La persecución del status es una frivolidad que tiende a
repugnar a un intelectual. Pero el falso ejercicio del
antistatus no es muy diferente.”
En el
mundo de hoy, en el que la lógica del mercado nos ha hecho creer
que el “dollar making” es una prioridad esencial y que lo
que no puede venderse carece de valor, el párrafo citado resulta
una antigualla sin atenuantes. A nadie repugna en los tiempos
que corren, la persecución del status. Antes bien,
fascina a casi todos, incluidos los intelectuales.
En este
nuevo escenario, se ha producido la combinación de diversas
circunstancias de peligrosas consecuencias: a) pauperización
creciente del trabajo médico con condiciones laborales y
remuneraciones indignas, b) postergación constante de la
actividad docente y de la investigación científica en los
presupuestos estatales, c) un mercado que incentiva la
consecución de logros económicos, no como antaño, como producto
de un largo y sostenido esfuerzo, sino con la misma
vertiginosidad a la que nos tiene acostumbrados la Internet.
Al mismo
tiempo, ha surgido una nueva forma de investigación científica,
especialmente dirigida a los agentes terapéuticos que requiere
tamaños muestrales enormes (por lo general millares de
pacientes), organización multicéntrica e internacional. Esta ha
sido la esencia de lo que hoy se conoce como medicina basada en
la evidencia, que algunos han adoptado con una adhesión casi
religiosa, pero que, sin desmedro de sus múltiples aspectos
encomiables, tiene otros de notoria endeblez epistemológica y
metodológica.
Esta nueva
forma de investigación requiere una infraestructura y un
desarrollo logístico de enorme costo económico y dicho costo
está absolutamente fuera del alcance de investigadores
independientes, instituciones científicas y universidades. Es
evidente entonces, que solamente pueden ser afrontados por
organismos gubernamentales y empresas privadas (en este caso,
grandes compañías farmacéuticas).
Los
“protocolos” originados en estos organismos y empresas
proliferan por doquier y han instalado esta forma de
investigación clínica con características totalmente novedosas,
inimaginables para esa élite científica (al decir de Cossio y
Arana) de la generación del 60.
Personalmente, me pronuncio a favor de que se lleve a cabo esta
práctica, mientras sea rigurosamente controlada en sus aspectos
metodológicos y éticos por los organismos estatales respectivos.

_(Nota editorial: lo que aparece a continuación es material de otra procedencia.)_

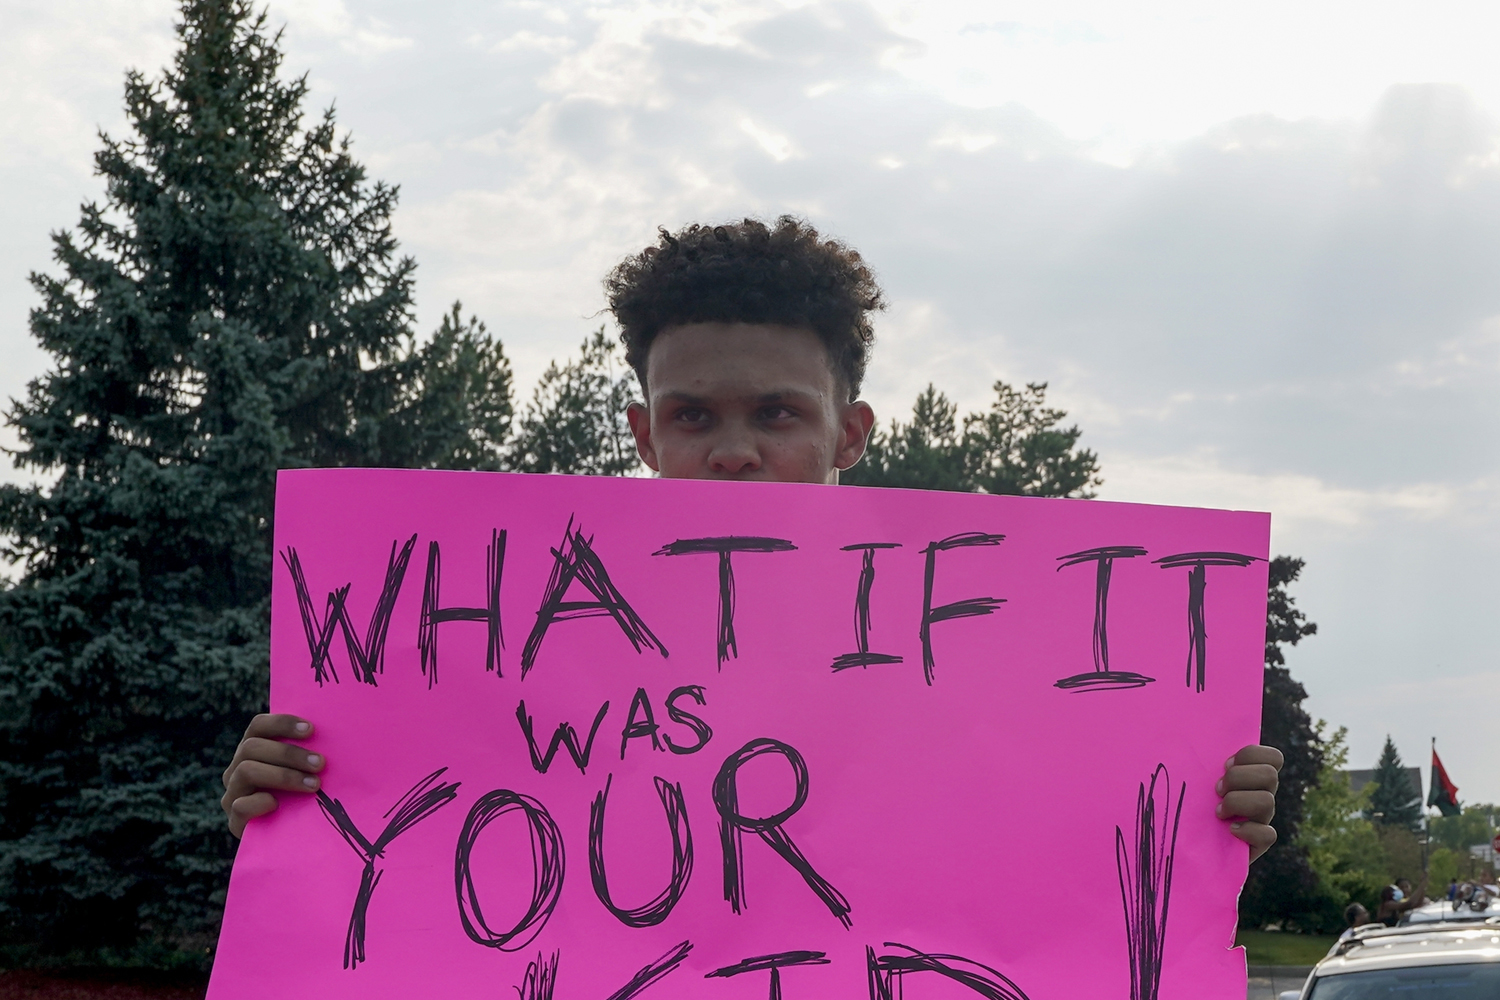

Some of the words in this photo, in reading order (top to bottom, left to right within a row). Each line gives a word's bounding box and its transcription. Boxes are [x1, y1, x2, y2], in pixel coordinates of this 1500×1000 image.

Me parece imprescindible la investigación de la seguridad y
eficacia de los nuevos fármacos en seres humanos y me parece
correcto y ético que se remunere adecuadamente a quienes
realizan la tarea.
Veo sin
embargo, dos peligros que acechan: a) que los médicos jóvenes y
no tan jóvenes confundan el fascinante mundo que transita el
investigador científico, donde todo es inquisición y búsqueda
constante, con el burocrático llenado de planillas de datos para
remitir al exterior y se denominen a sí mismos “investigadores
clínicos”, b) que la seducción del mercado y la persecución del
status acabe convenciéndonos de que es ésta una nueva
forma de que el médico se gane la vida y que lleguemos a sentir
que es mucho más atractivo tener un par de pacientes “del
protocolo” que afrontar una atareada tarde de consultorio.